Um Nome Qualquer
Leon Eliachar
Encontraram-se depois de mais de dez anos:
– Afonso!
– Hermenegildo!
Abraçaram-se três vezes seguidas, como fazem todos os que não se vêem há muito tempo:
– Lembra-se do Rogério?
– Lembro.
– Morreu a semana passada.
– Coitado.
Conversaram a mesma conversa que conversam os que não se vêem há muito tempo:
– Que tens feito?
– Lutando. E você?
– Levando a vida.
Quando deram por si, estavam tomando cafezinho em pé, como fazem sempre os que não se vêem há muito tempo:
– Você está mais gordo.
– E você, mais magro.
Foram andando, parando, relembrando incidentes pitorescos, como fazem todos os que não se vêem há muito tempo:
– E aquele mergulho no rio, atrás do internato, lembra-se?

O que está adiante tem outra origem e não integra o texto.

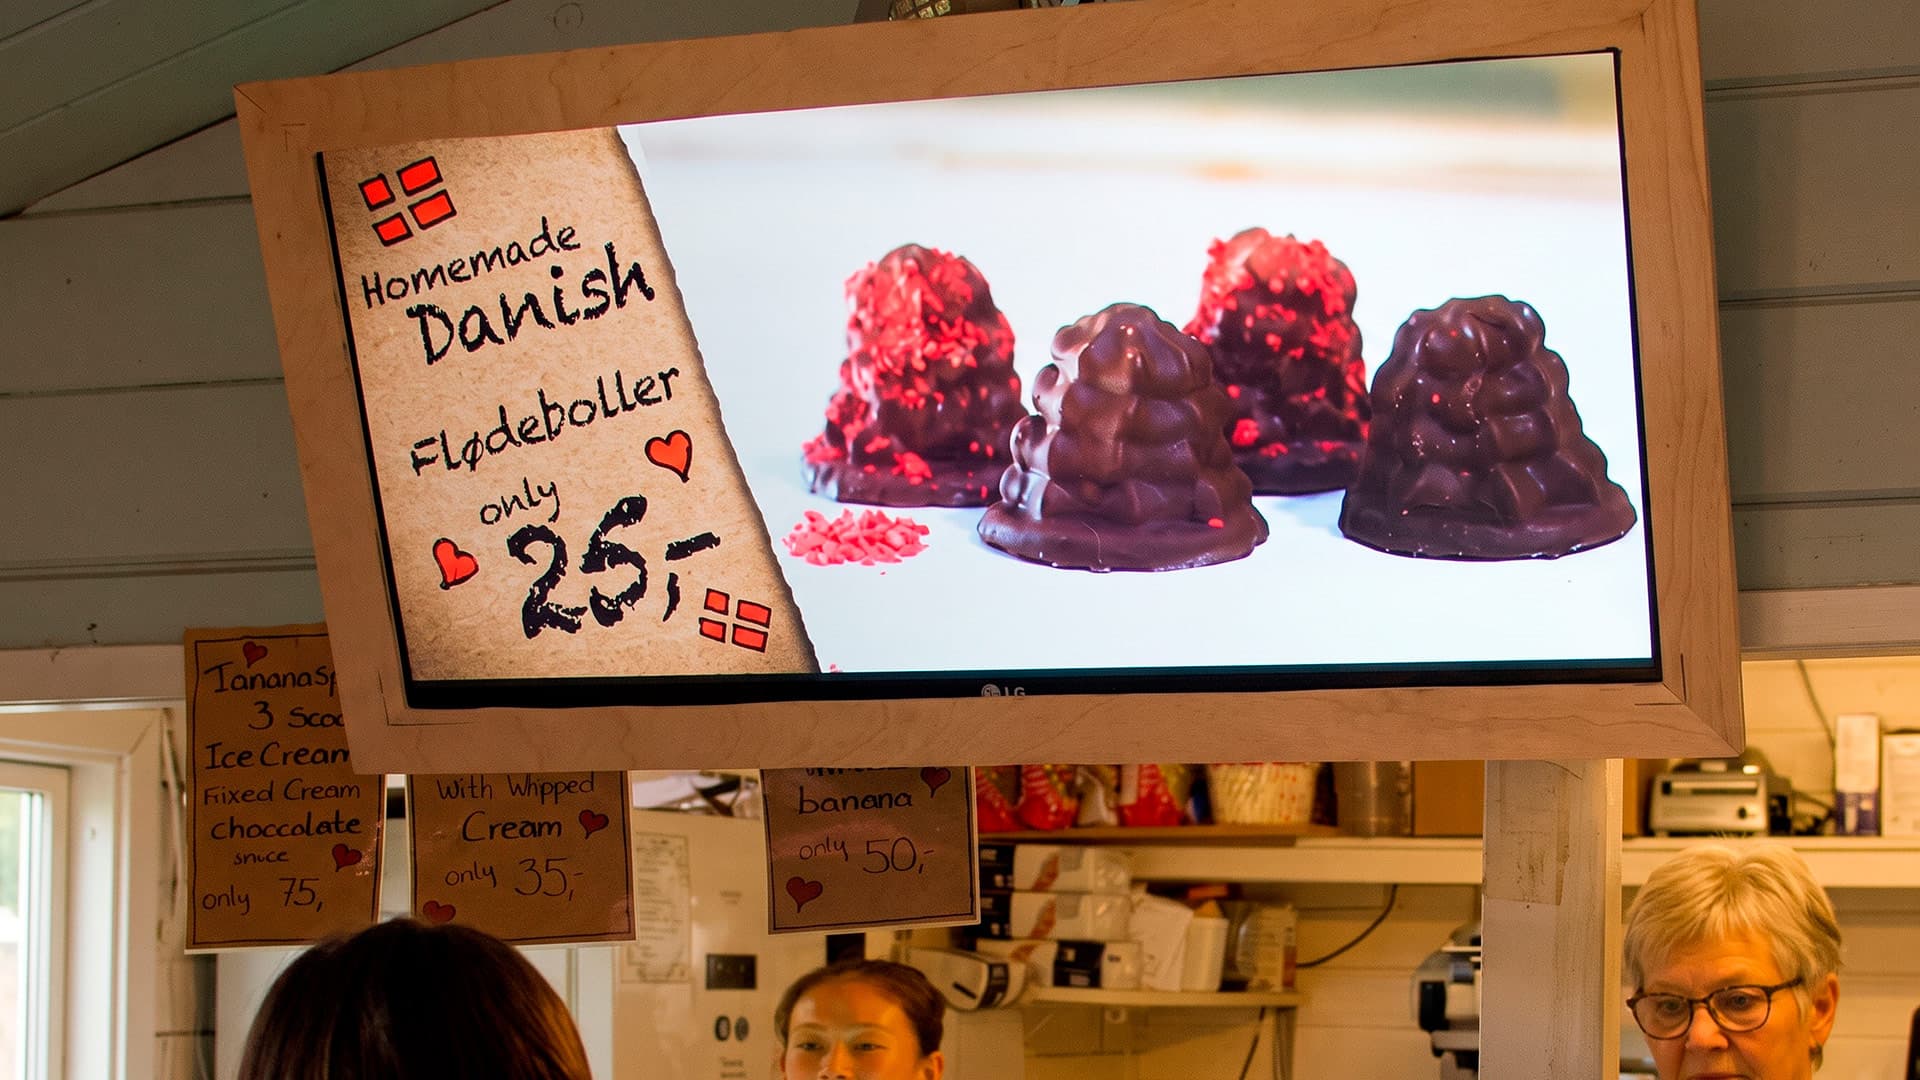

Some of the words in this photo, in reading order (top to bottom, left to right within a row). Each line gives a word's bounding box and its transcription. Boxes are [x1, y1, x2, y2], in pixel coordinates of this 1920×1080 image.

[361, 215, 581, 309] Homemade
[406, 240, 655, 365] Danish
[410, 367, 680, 476] Flødeboller
[479, 476, 561, 526] only
[506, 494, 721, 640] 25,-
[248, 700, 274, 730] 3
[205, 742, 255, 770] Ice
[283, 778, 361, 801] Cream
[436, 774, 493, 800] With
[507, 771, 595, 805] Whipped
[798, 785, 913, 815] banana
[462, 810, 563, 842] Cream
[799, 836, 849, 862] only
[863, 836, 935, 874] 50,-
[445, 861, 497, 888] only
[514, 857, 584, 901] 35,-
[201, 884, 251, 916] only

– Se me lembro, quase você morre afogado.
– E foi você quem me salvou, nunca esqueci.
Pararam num ponto de ônibus pra se despedir, ficaram batendo papo mais de meia-hora, como fazem todos os que não se vêem há muito tempo:
– Você casou?
– Casei. E você?
– Mais ou menos. Estou com uma zinha aí mas ela é casada.

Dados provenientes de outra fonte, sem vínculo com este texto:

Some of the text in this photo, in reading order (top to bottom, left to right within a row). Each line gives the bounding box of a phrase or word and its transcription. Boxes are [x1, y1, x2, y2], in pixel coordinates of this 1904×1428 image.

– Você nunca quis nada com o casamento, hein, malandro?
– Com essa até que eu casava.
– Como ela é?
– Baixotinha, gordota, tem um sinalzinho no rosto, mas eu gosto dela assim mesmo.
Afonso ficou apreensivo:
– Como é o nome dela?
– Cláudia.
Afonso ficou mais curioso:
– Ela tem filhos?
– Dois. Um menino de quatro e uma menina de três.
Afonso só faltou pedir o retrato pra ver, mas não teve coragem. Apressou a despedida:
– Bem, tenho de ir andando, estou atrasadíssimo.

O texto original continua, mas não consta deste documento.